The government responded to the juniors by offering a completely new contract that would do away with overtime payments. Instead, juniors would be paid in four salary bands according to the intensity of their work. By 2002 a doctor working in a very high intensity post could command a salary twice that of the current basic salary, while the average junior doctor would command a salary 50% greater than the current basic salary. These salaries would provide a strong incentive to managers to restructure such posts - or even to employ consultants instead. The offer from the government includes a contractual agreement to meet the new deal agreement of juniors not having to work more than 56 hours a week. There are also promises of better conditions and support. This deal would cost between £200m and £300m over three years.

Should the offer be accepted? Although the government claimed last month that a deal had been struck, the Juniors Doctors Committee neither accepted nor rejected the offer but asked their negotiators to push for a better deal on out of hours pay. In addition, they plan a special conference and want a referendum before any settlement is accepted.
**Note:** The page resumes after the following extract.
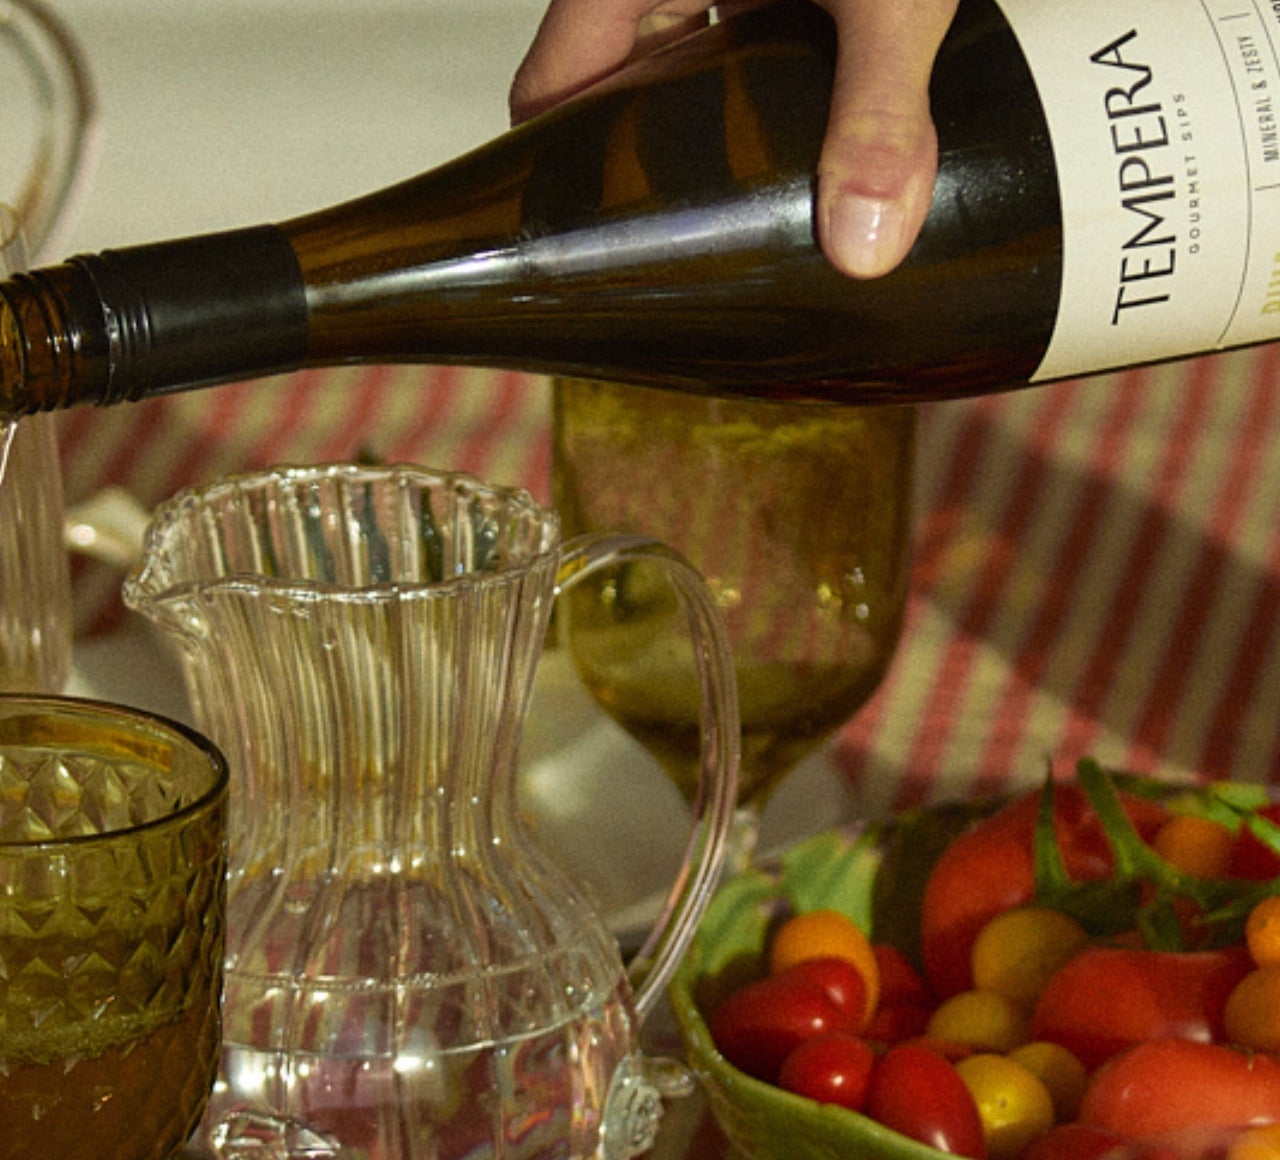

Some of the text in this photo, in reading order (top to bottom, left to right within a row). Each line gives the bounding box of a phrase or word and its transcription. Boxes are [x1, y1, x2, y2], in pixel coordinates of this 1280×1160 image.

Junior doctors will rightly make their own decision on what to do, but there are many complicated questions for them to consider. Is it better in principle to move from a complicated contract that depends so much on overtime payments to a professional contract that has a higher basic salary? Most senior doctors would probably favour the professional contract: it's how they are paid. Also, there is symbolism in the way that people are paid: in the past many have argued that professional work demands a professional contract, not one dominated by overtime rates. Can the juniors trust the government? Seemingly no. Might the juniors be able to squeeze more from the government? They might. The government is known to have a substantial war chest, and many in the Labour party favour higher expenditure on the NHS. Would the government square up to junior doctors? It would presumably hate such a battle, and its spin doctors would be working as much overtime as the juniors. But, at the same time, the government has a huge majority and tight control. Would public support for juniors hold in a battle? It might, but the government has formidable means to manipulate public opinion, and the tabloid press is notoriously fickle. Would support from other parts of the profession hold? Perhaps not. Consultants are arguably as unhappy as juniors, and they and general practitioners would bear the brunt of minimising the effect of any industrial action by juniors on patients. Would the mass of juniors, as opposed to the politically dedicated, vote in a ballot and sustain their commitment in a long struggle. They might. They are that fed up. These are all hard, perhaps impossible, questions to answer. To decide what to do in such circumstances is the essence of political judgment.

The BMJ isn't going to tell the juniors what to do, but they need to consider these questions. For industrial action is a high risk strategy.